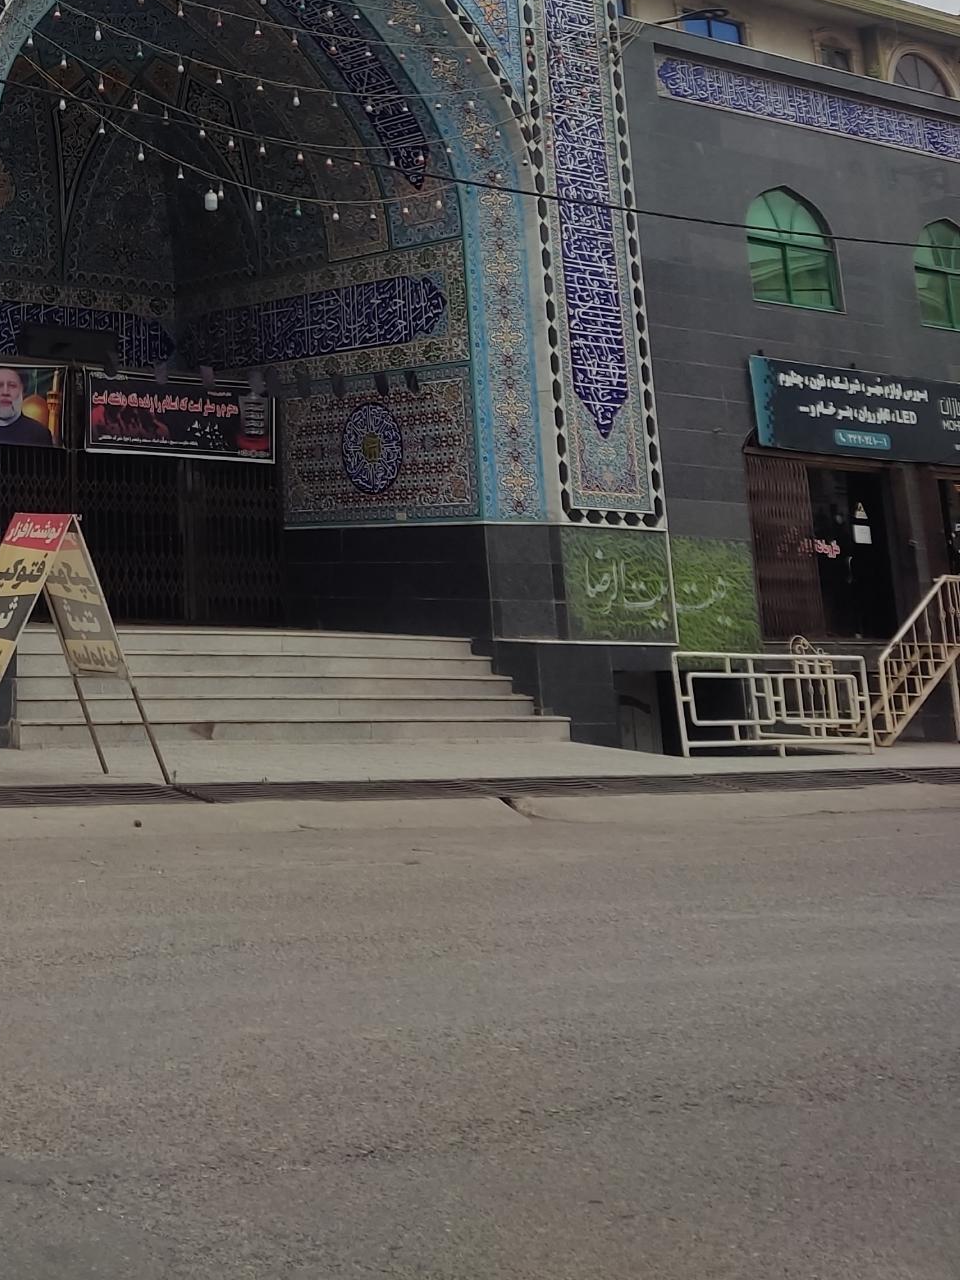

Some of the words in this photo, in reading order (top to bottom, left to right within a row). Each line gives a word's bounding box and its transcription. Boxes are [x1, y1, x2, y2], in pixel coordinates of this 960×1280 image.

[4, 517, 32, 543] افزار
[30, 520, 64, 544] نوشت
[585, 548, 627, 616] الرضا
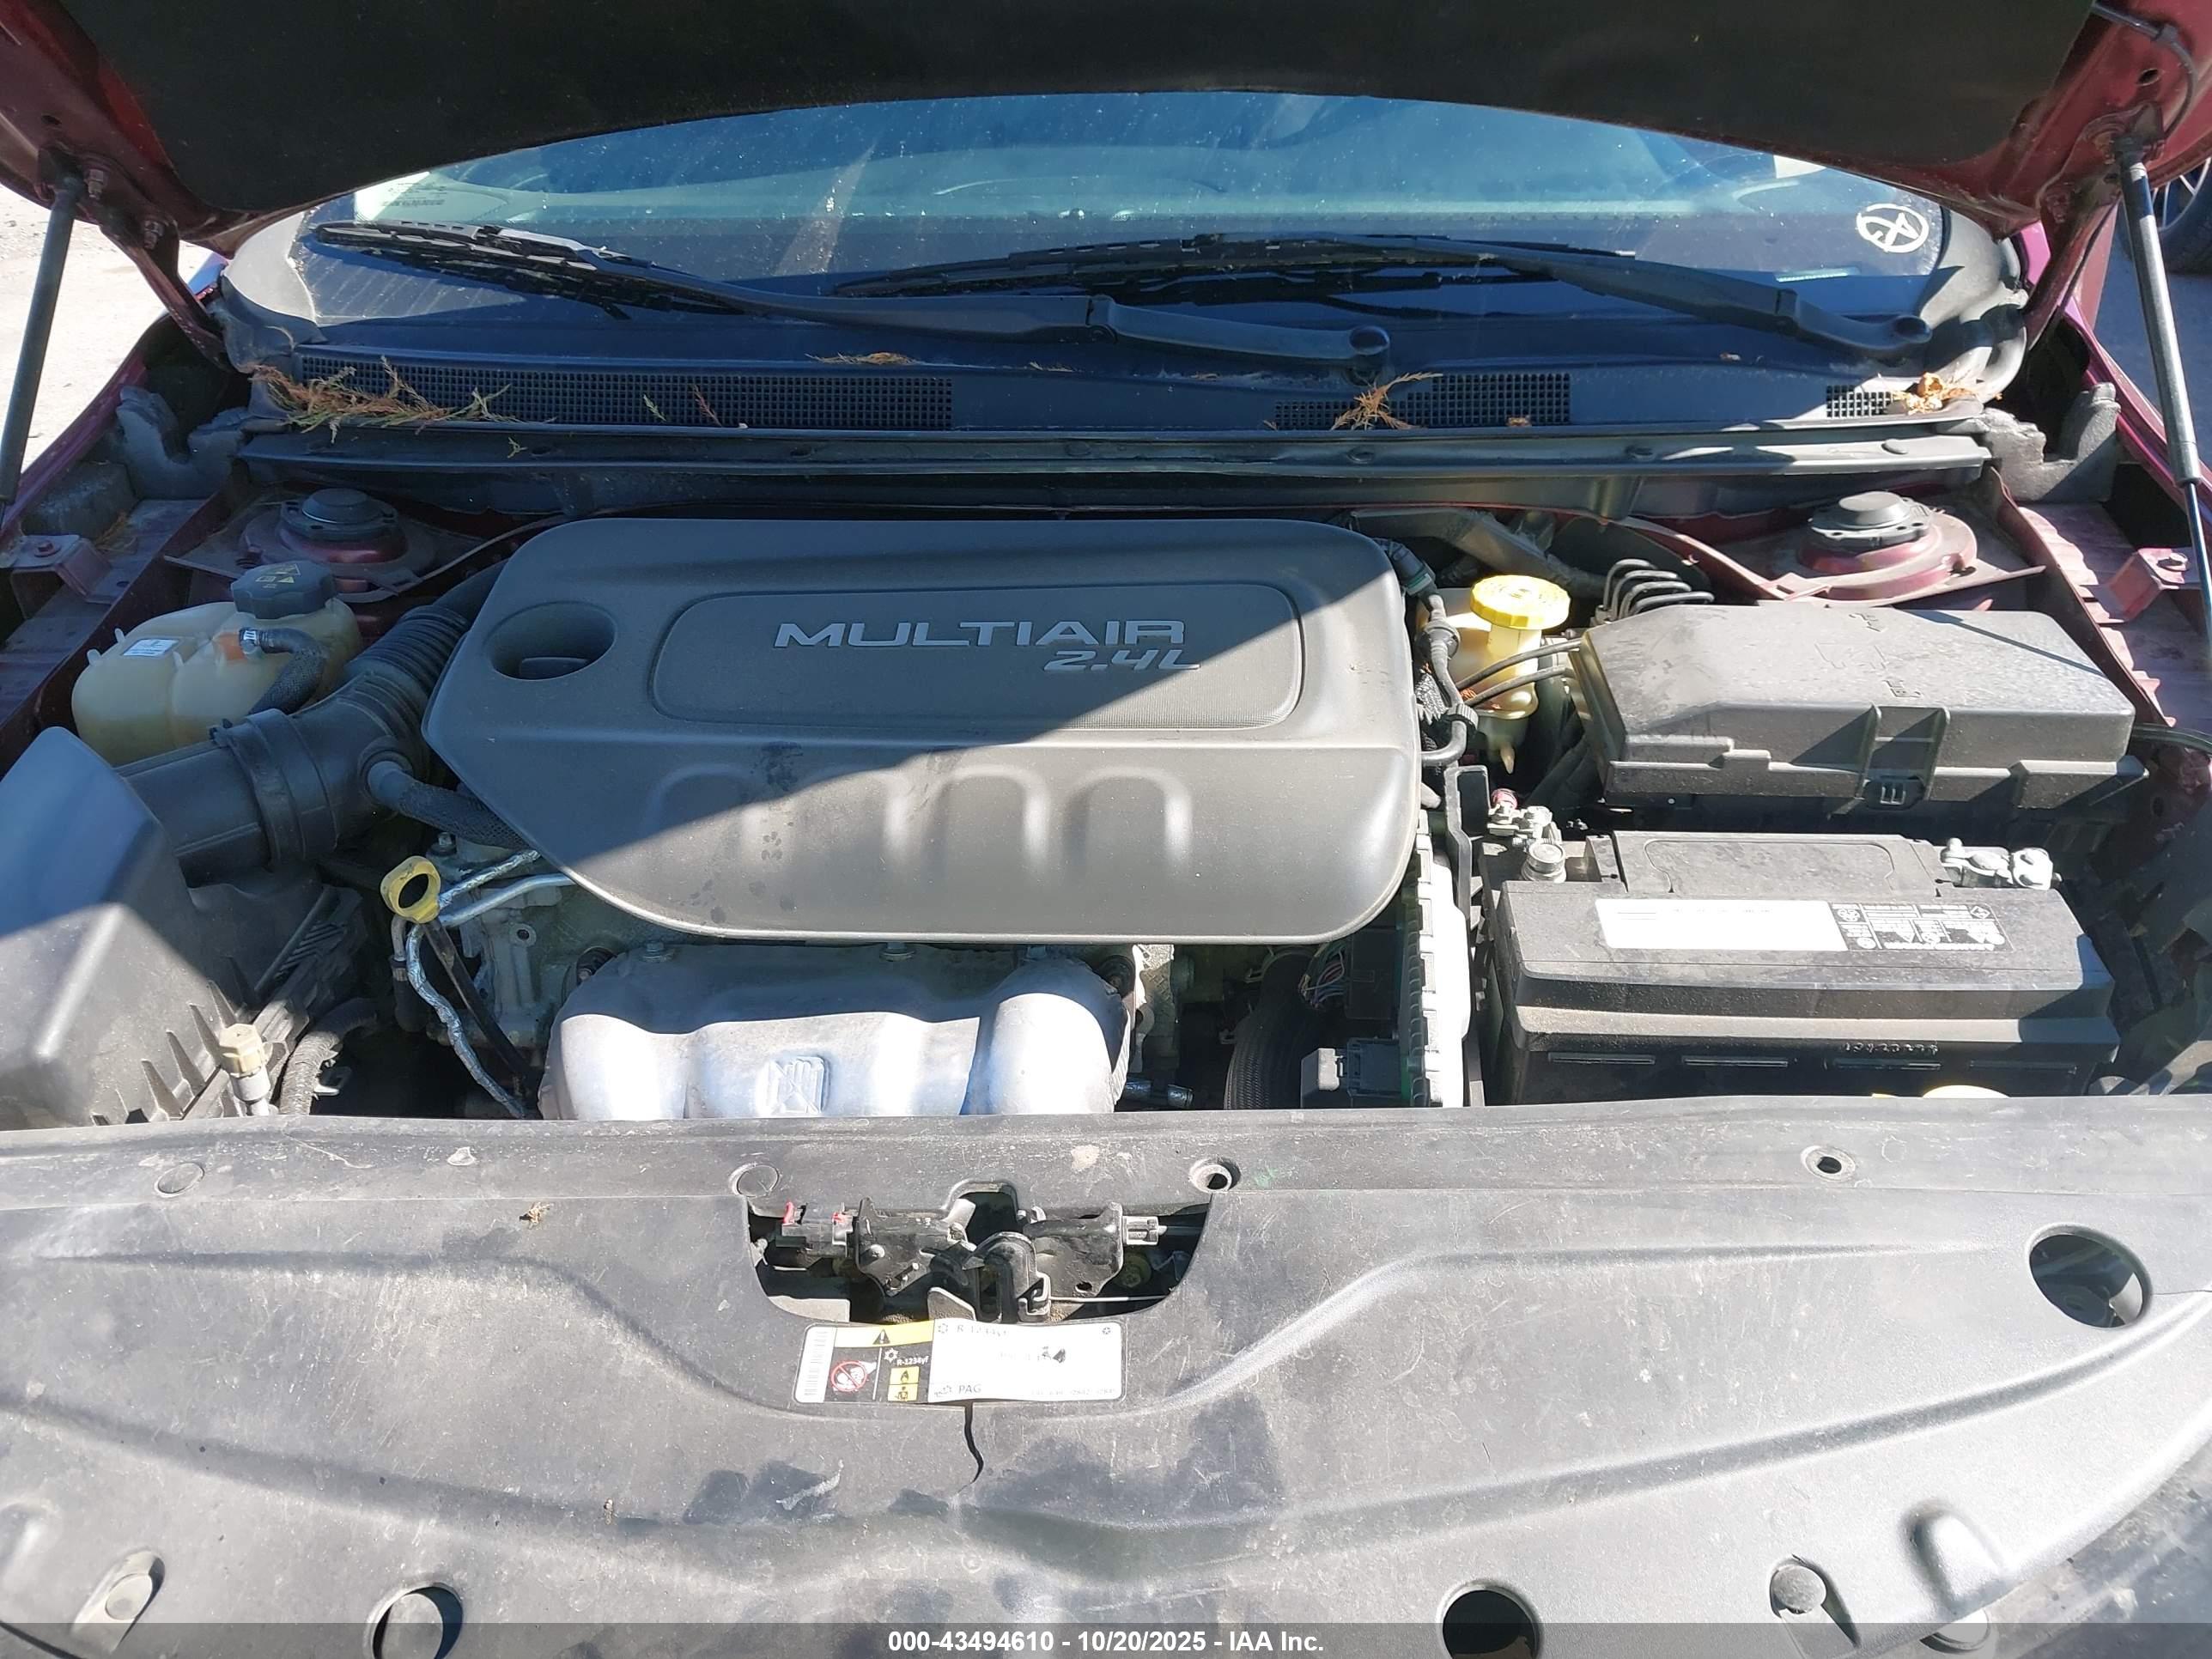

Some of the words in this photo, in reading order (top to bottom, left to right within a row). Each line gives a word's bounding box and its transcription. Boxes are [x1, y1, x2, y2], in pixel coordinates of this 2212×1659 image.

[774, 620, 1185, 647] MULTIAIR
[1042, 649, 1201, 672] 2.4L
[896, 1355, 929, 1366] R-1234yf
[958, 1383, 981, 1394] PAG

**Problem requirements:** Write out the whole listing exactly. Do not include the pictures.

**Result for this task:**
Some of the words in this photo, in reading order (top to bottom, left to right within a row). Each line gives a word's bounding box and its transcription. Boxes are [x1, y1, x2, y2], in pixel coordinates of this 960×1280 image.

[4, 517, 32, 543] افزار
[30, 520, 64, 544] نوشت
[585, 548, 627, 616] الرضا

Some of the words in this photo, in reading order (top to bottom, left to right within a row). Each line gives a word's bounding box and its transcription. Boxes are [x1, y1, x2, y2], in pixel coordinates of this 2212×1659 image.

[774, 620, 1185, 647] MULTIAIR
[1042, 649, 1201, 672] 2.4L
[896, 1355, 929, 1366] R-1234yf
[958, 1383, 981, 1394] PAG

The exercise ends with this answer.